The training process of a VAE can be roughly illustrated as:

(VAE Training Flow Diagram)

Written as a formula, it is:

\begin{equation}\mathcal{L} = \mathbb{E}_{x\sim \tilde{p}(x)} \Big[\mathbb{E}_{z\sim p(z|x)}\big[-\log q(x|z)\big]+KL\big(p(z|x)\big\Vert q(z)\big)\Big]\end{equation}

where the first term is the reconstruction term, implemented via the reparameterization trick $\mathbb{E}_{z\sim p(z|x)}$; the second term is known as the KL divergence term. This is the explicit difference between a VAE and a standard autoencoder; without this term, it basically degrades into a conventional AE. For more detailed symbol definitions, please refer to "Variational Autoencoders (2): Starting from a Bayesian Perspective".

VAE in NLP

In NLP, sentences are encoded as discrete integer IDs, so $q(x|z)$ is a discrete distribution that can be implemented using the versatile "Conditional Language Model." Therefore, theoretically, $q(x|z)$ can precisely fit the generative distribution. The problem arises because $q(x|z)$ is too strong. During training, the reparameterization operation introduces noise. If the noise is significant, utilizing $z$ becomes difficult. Consequently, the model simply ignores $z$, degenerating into an unconditional language model (which is still very strong), and $KL(p(z|x)\Vert q(z))$ subsequently drops to 0. This is the KL vanishing phenomenon.

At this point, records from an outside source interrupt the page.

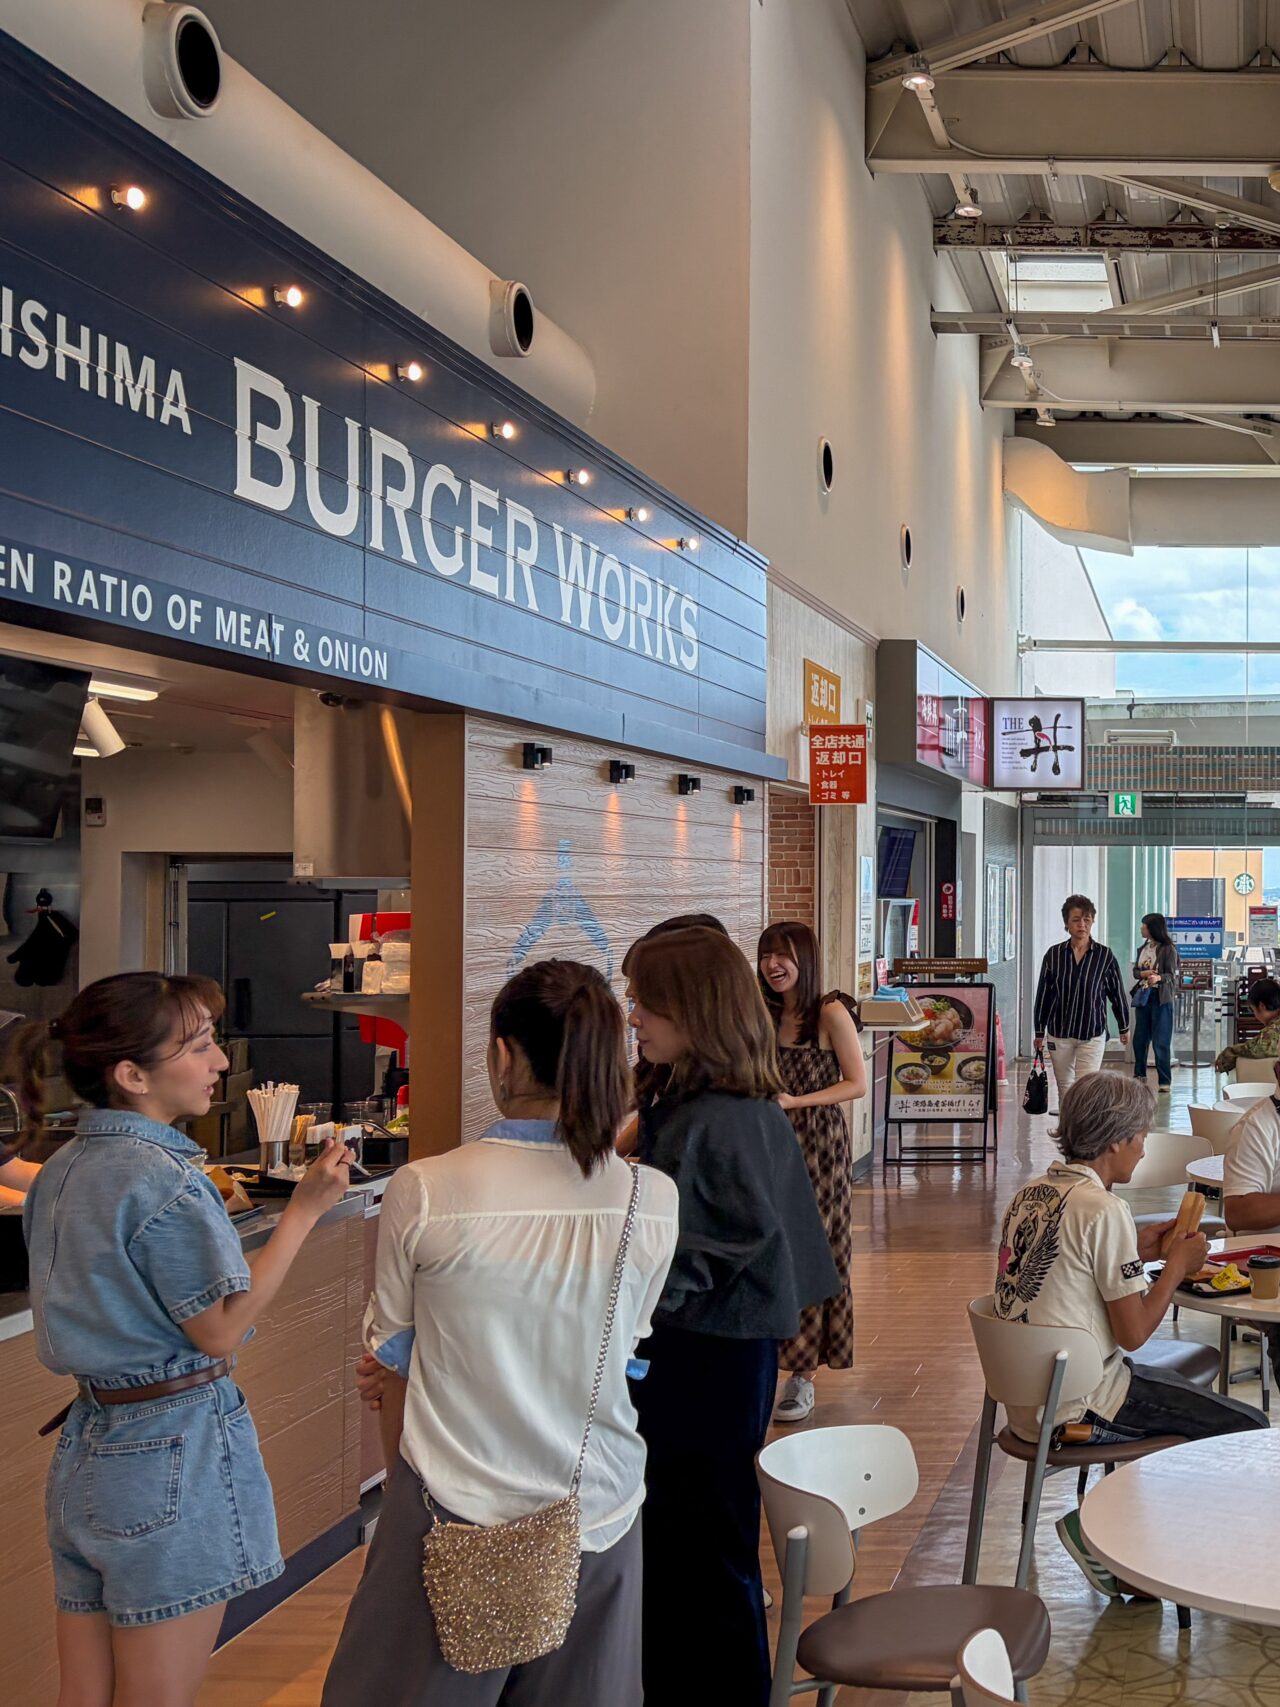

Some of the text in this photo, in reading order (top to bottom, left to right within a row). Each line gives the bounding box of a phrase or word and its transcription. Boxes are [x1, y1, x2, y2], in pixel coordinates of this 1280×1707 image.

[0, 286, 698, 671] ISHIMA BURGER WORKS
[53, 560, 153, 622] RATIO
[167, 593, 206, 634] OF
[215, 606, 284, 655] MEAT
[293, 629, 310, 662] &
[318, 635, 387, 680] ONION
[811, 672, 836, 715] 返却口
[1002, 717, 1024, 730] THE
[811, 734, 865, 749] 全店共通
[815, 751, 862, 765] 返却口
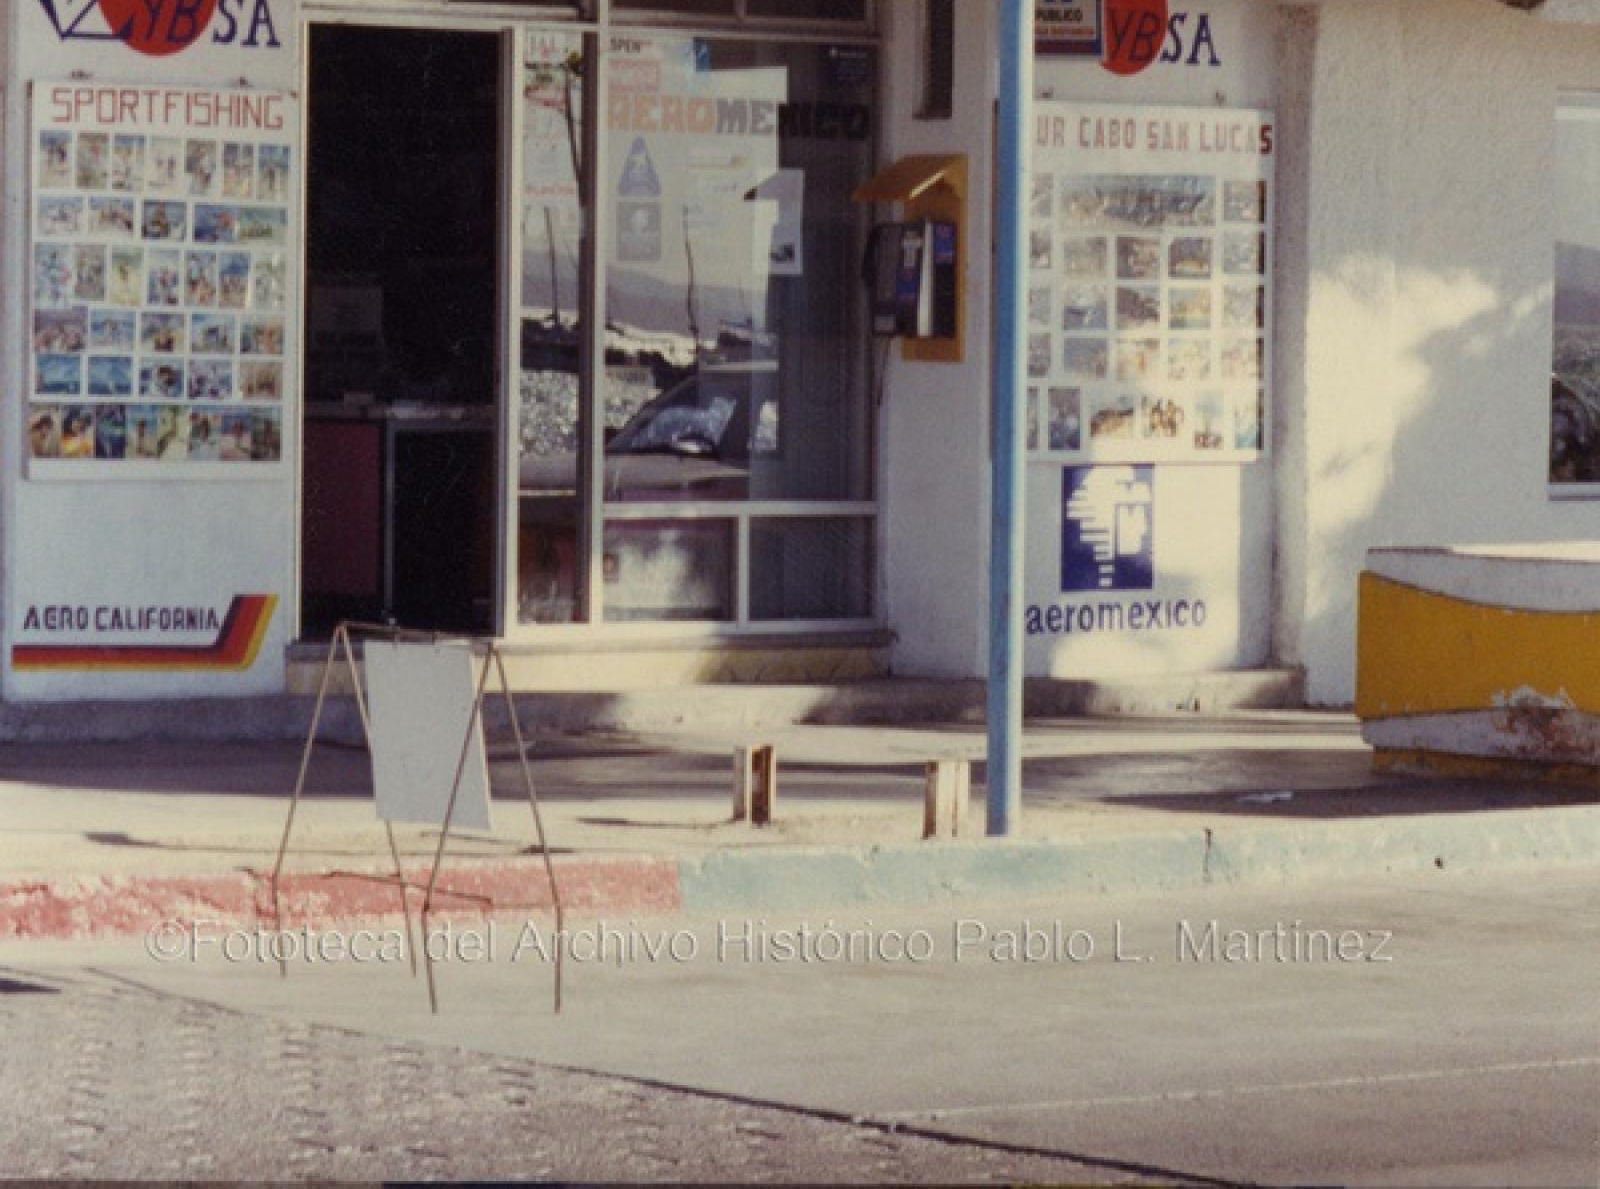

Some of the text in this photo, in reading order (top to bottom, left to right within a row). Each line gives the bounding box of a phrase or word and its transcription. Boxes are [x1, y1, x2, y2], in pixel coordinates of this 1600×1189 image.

[52, 87, 284, 130] SPORTFISHING
[1079, 117, 1136, 150] CABO
[1148, 121, 1189, 151] SAN
[1199, 124, 1272, 154] LUCAS
[95, 606, 219, 631] CALIFORNIA
[1025, 599, 1206, 635] aeromexico

A VAE model in this state has little value: a KL divergence of 0 means the encoder outputs a constant vector, and the decoder is merely a standard language model. We use VAEs typically for their ability to construct encoded vectors unsupervised, so to apply VAEs effectively, we must solve the KL vanishing problem. In fact, since 2016, a considerable amount of work has addressed this issue, proposing various solutions such as annealing strategies and changing the prior distribution. Readers can find many publications by Googling "KL Vanishing."

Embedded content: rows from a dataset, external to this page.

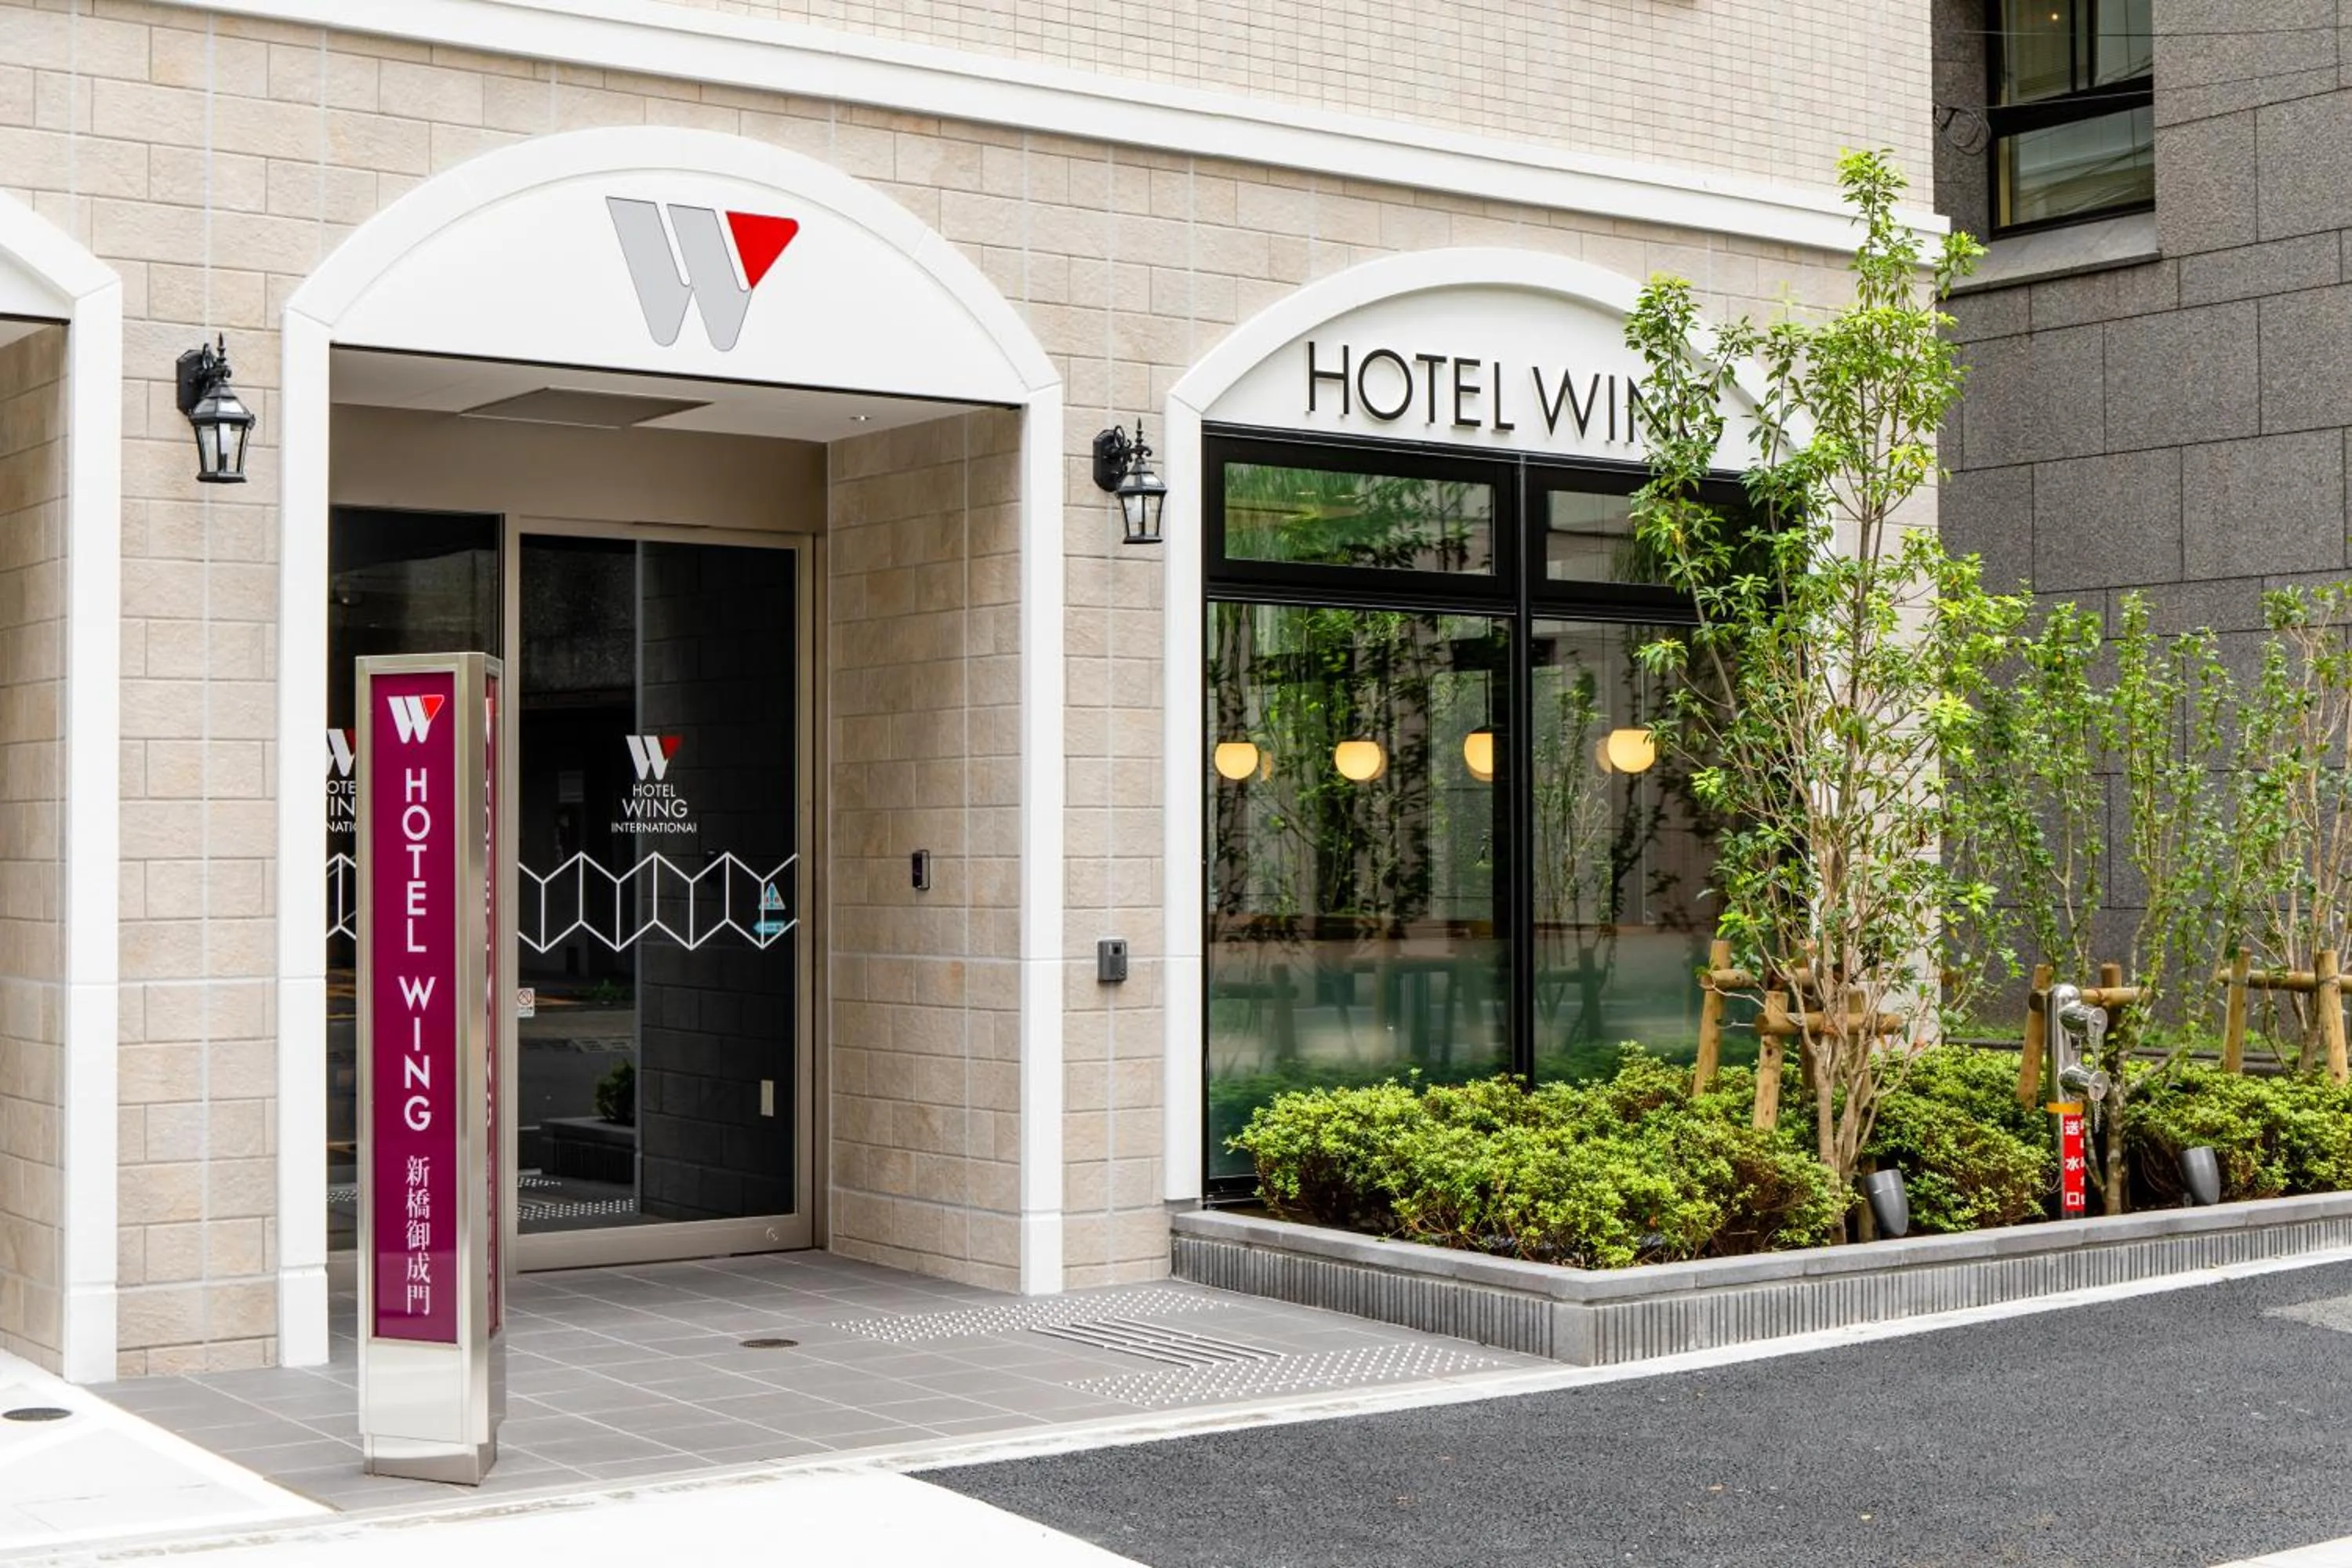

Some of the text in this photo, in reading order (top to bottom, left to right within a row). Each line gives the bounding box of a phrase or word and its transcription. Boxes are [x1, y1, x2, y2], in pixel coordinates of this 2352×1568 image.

[1307, 341, 1515, 431] HOTEL
[622, 798, 688, 818] WING
[633, 783, 677, 797] HOTEL
[397, 768, 436, 1131] HOTEL WING
[405, 1155, 430, 1316] 新橋御成門

The Ingenuity and Subtlety of BN

The solution in this article directly addresses the KL divergence term, being simple, effective, and free of hyper-parameters. The core idea is simple:

Isn't KL vanishing just the KL divergence term becoming 0? If I adjust the encoder output such that the KL divergence has a lower bound greater than zero, won't it definitely not vanish?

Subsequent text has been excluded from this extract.